- _PROBLEM STATEMENT_
Please return every line of the material verbatim and skip any images.

- _GIVEN RECORDS_
○ ○ ○

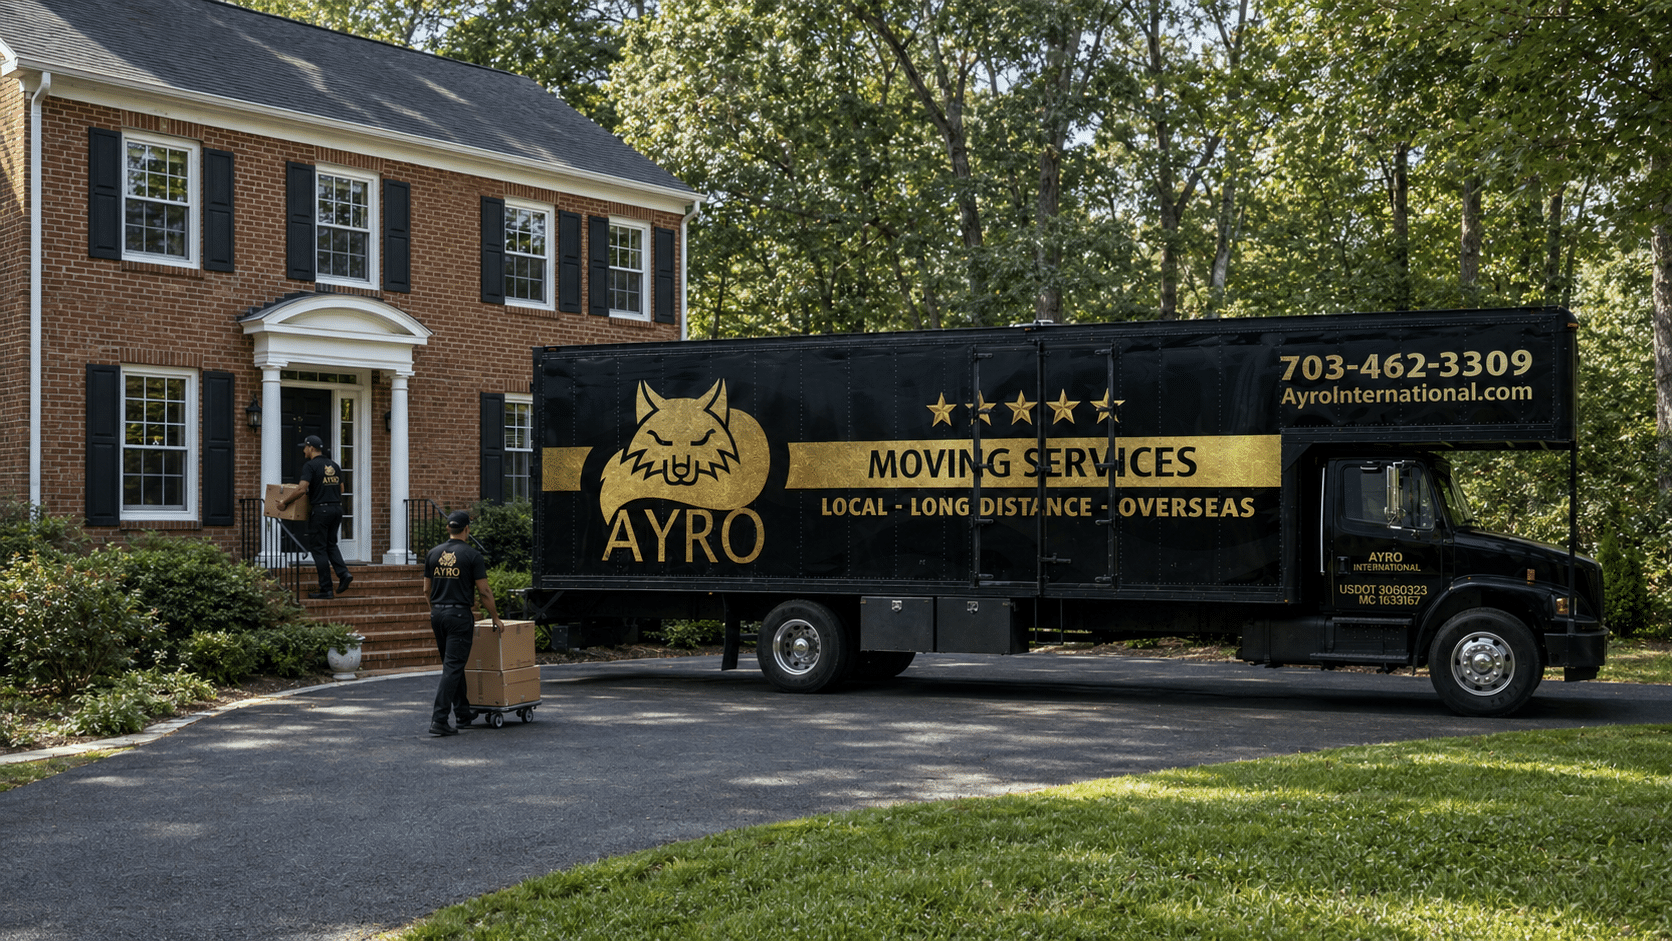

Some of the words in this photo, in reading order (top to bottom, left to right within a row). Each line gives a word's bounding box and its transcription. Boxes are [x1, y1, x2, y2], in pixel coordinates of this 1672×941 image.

[1280, 349, 1533, 381] 703-462-3309
[1281, 382, 1533, 409] AyroInternational.com
[868, 448, 1011, 479] MOVING
[1023, 446, 1198, 478] SERVICES
[821, 497, 888, 516] LOCAL
[910, 497, 970, 517] LONG
[979, 497, 1092, 517] DISTANCE
[1118, 497, 1255, 518] OVERSEAS
[601, 507, 765, 564] AYRO
[1368, 551, 1403, 563] AYRO
[433, 566, 460, 577] AYRO
[1353, 563, 1421, 572] INTERNATIONAL
[1339, 584, 1377, 595] USDOT
[1378, 584, 1428, 596] 3060323
[1358, 595, 1376, 605] MC
[1378, 595, 1421, 606] 1633167
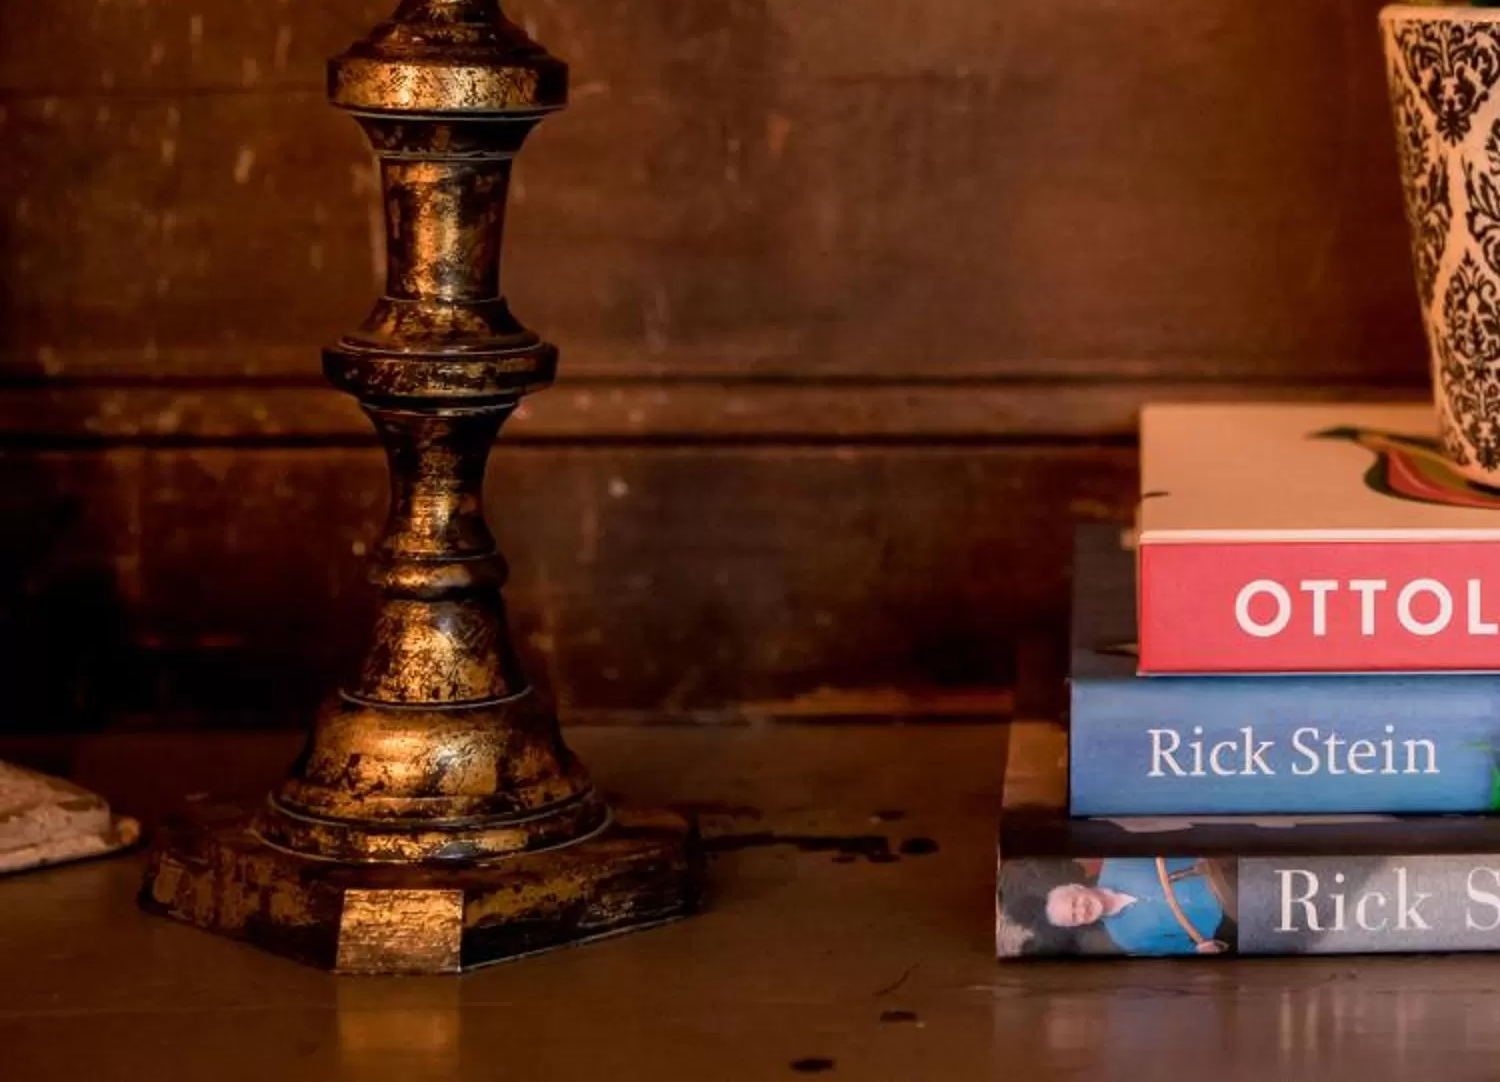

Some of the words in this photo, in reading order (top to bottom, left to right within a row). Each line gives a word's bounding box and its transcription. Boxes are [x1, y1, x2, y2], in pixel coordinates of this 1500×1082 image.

○ ○ ○

- _SOLUTION FOR THIS EXERCISE_
Some of the words in this photo, in reading order (top to bottom, left to right within a row). Each line gives a word's bounding box and its transcription. Boxes are [x1, y1, x2, y2], in pixel coordinates of this 1672×941 image.

[1280, 349, 1533, 381] 703-462-3309
[1281, 382, 1533, 409] AyroInternational.com
[868, 448, 1011, 479] MOVING
[1023, 446, 1198, 478] SERVICES
[821, 497, 888, 516] LOCAL
[910, 497, 970, 517] LONG
[979, 497, 1092, 517] DISTANCE
[1118, 497, 1255, 518] OVERSEAS
[601, 507, 765, 564] AYRO
[1368, 551, 1403, 563] AYRO
[433, 566, 460, 577] AYRO
[1353, 563, 1421, 572] INTERNATIONAL
[1339, 584, 1377, 595] USDOT
[1378, 584, 1428, 596] 3060323
[1358, 595, 1376, 605] MC
[1378, 595, 1421, 606] 1633167

Some of the words in this photo, in reading order (top to bottom, left to right within a row). Each line gives a word's bounding box and its transcription. Boxes are [x1, y1, x2, y2], in pixel coordinates of this 1500×1082 image.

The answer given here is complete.